APELAÇÃO. DIREITO DO CONSUMIDOR. RESPONSABILIDADE CIVIL. AÇÃO DE REPARAÇÃO DE DANOS. ERRO MÉDICO. DEMORA NO DIAGNÓSTICO DE APENDICITE. NEGLIGÊNCIA NO TRATAMENTO CLÍNICO DISPENSADO NO PÓS OPERATÓRIO. NEXO DE CAUSALIDADE. COMPROVAÇÃO. DEVER DE INDENIZAR. DANOS MORAIS. CONFIGURAÇÃO. JUROS DE MORA E CORREÇÃO MONETÁRIA. TERMO INICIAL. DANO ESTÉTICO. CICATRIZ INERENTE AO PROCEDIMENTO CIRÚRGICO NECESSÁRIO. IMPROCEDÊNCIA.

1. Sob uma análise exclusivamente clínica determinadas queixas podem, a princípio, não indicar nada mais grave. No entanto, especialmente diante do relato de que o conjunto de dores era intenso e não cessava desde o dia anterior, essa circunstância deveria chamar a atenção para uma averiguação mais precavida.

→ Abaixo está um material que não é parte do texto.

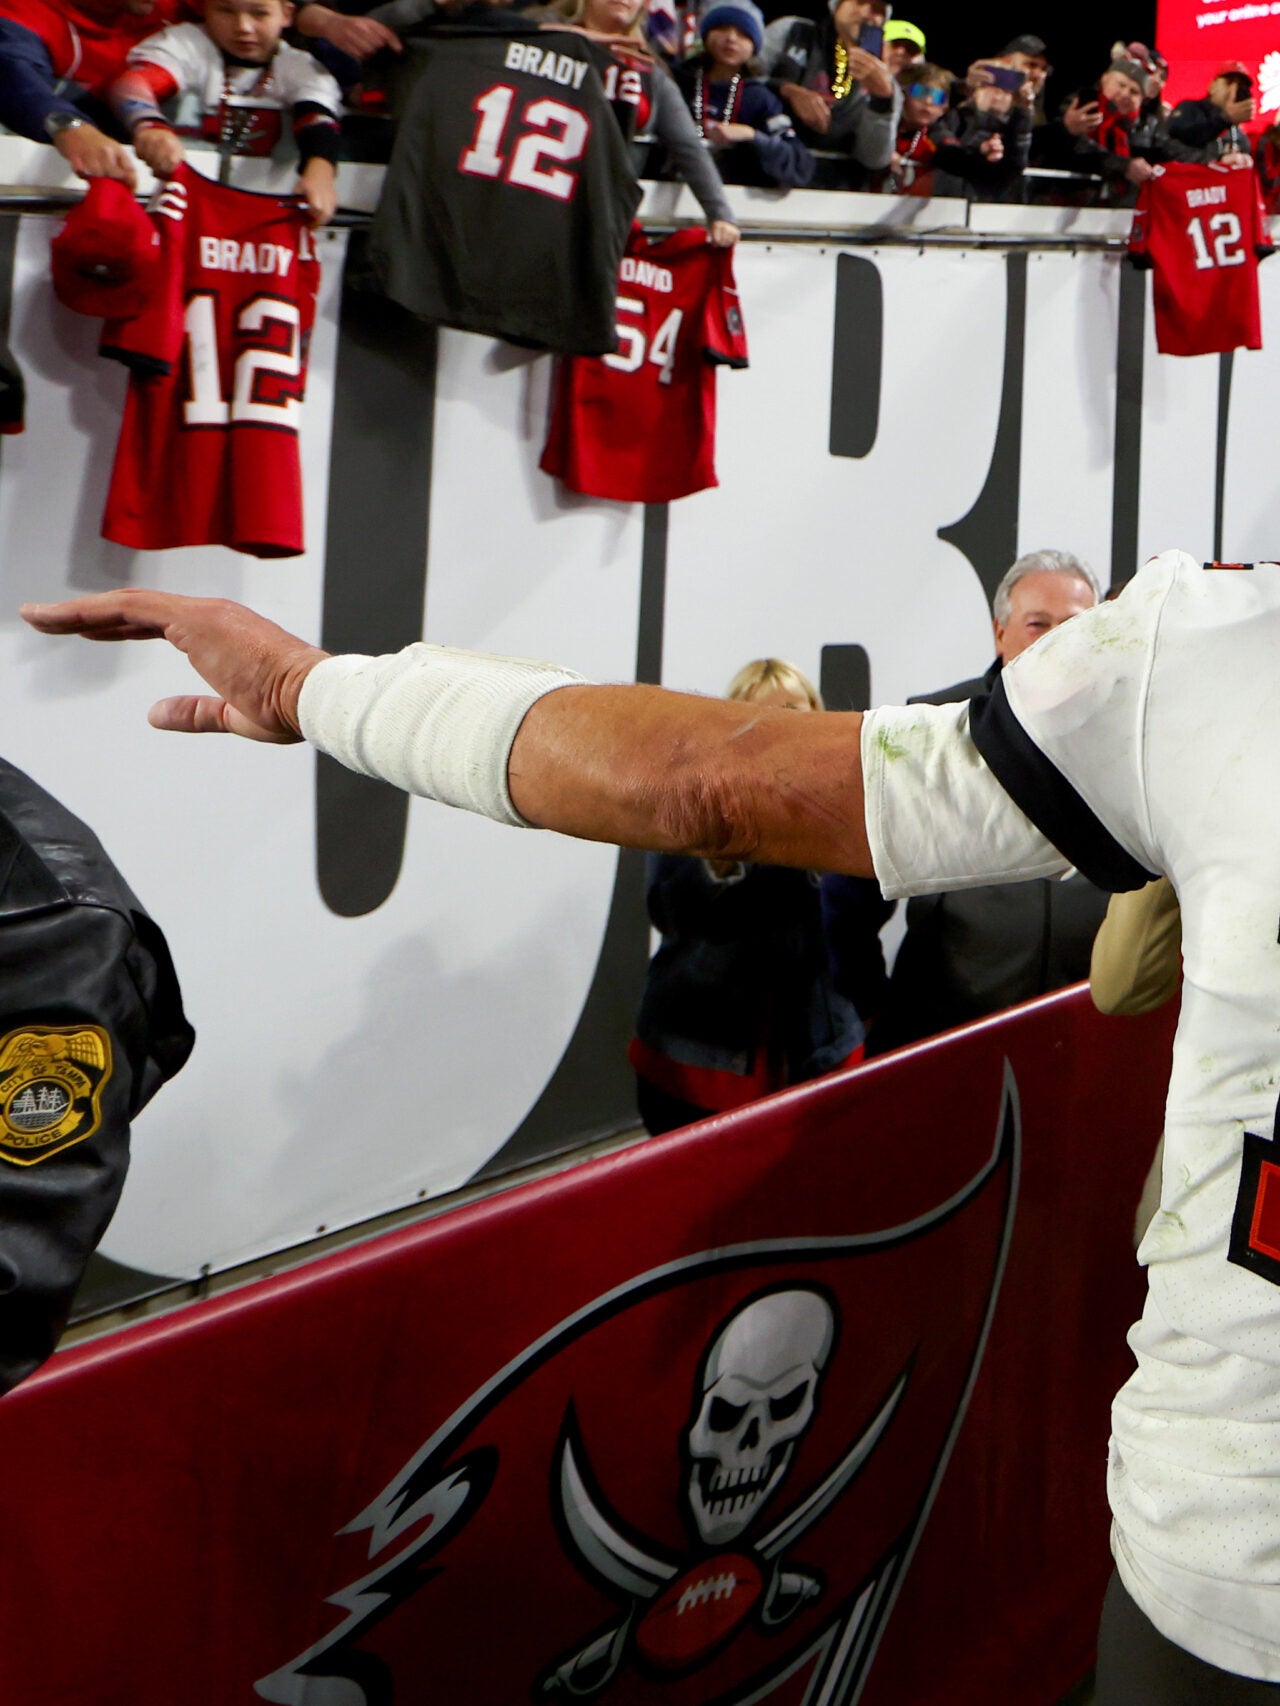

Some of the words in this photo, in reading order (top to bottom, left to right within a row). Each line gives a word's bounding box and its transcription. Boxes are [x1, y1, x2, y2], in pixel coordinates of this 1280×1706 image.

2. Mesmo que naquela situação o exame clínico não fosse por si só sugestivo de alguma doença, as circunstâncias relatadas exigiam do profissional especializado uma maior investigação quanto à causa dos sintomas, requerendo, por exemplo, um simples e rápido exame laboratorial para que naquele momento se pudesse descartar qualquer evidência mais séria. Afinal, o dever de tomar as precauções devidas e colher as informações necessárias para o adequado atendimento e tratamento do paciente é ínsito à sua atividade profissional. E embora não seja uma ciência exata, a medicina trabalha com probabilidades, levantando evidências e considerando possibilidades. Nesse campo, quanto maior o aprofundamento, quanto maior o número de dados e informações de que se dispõe, mais eficiente será o diagnóstico e menores serão as chances de erro.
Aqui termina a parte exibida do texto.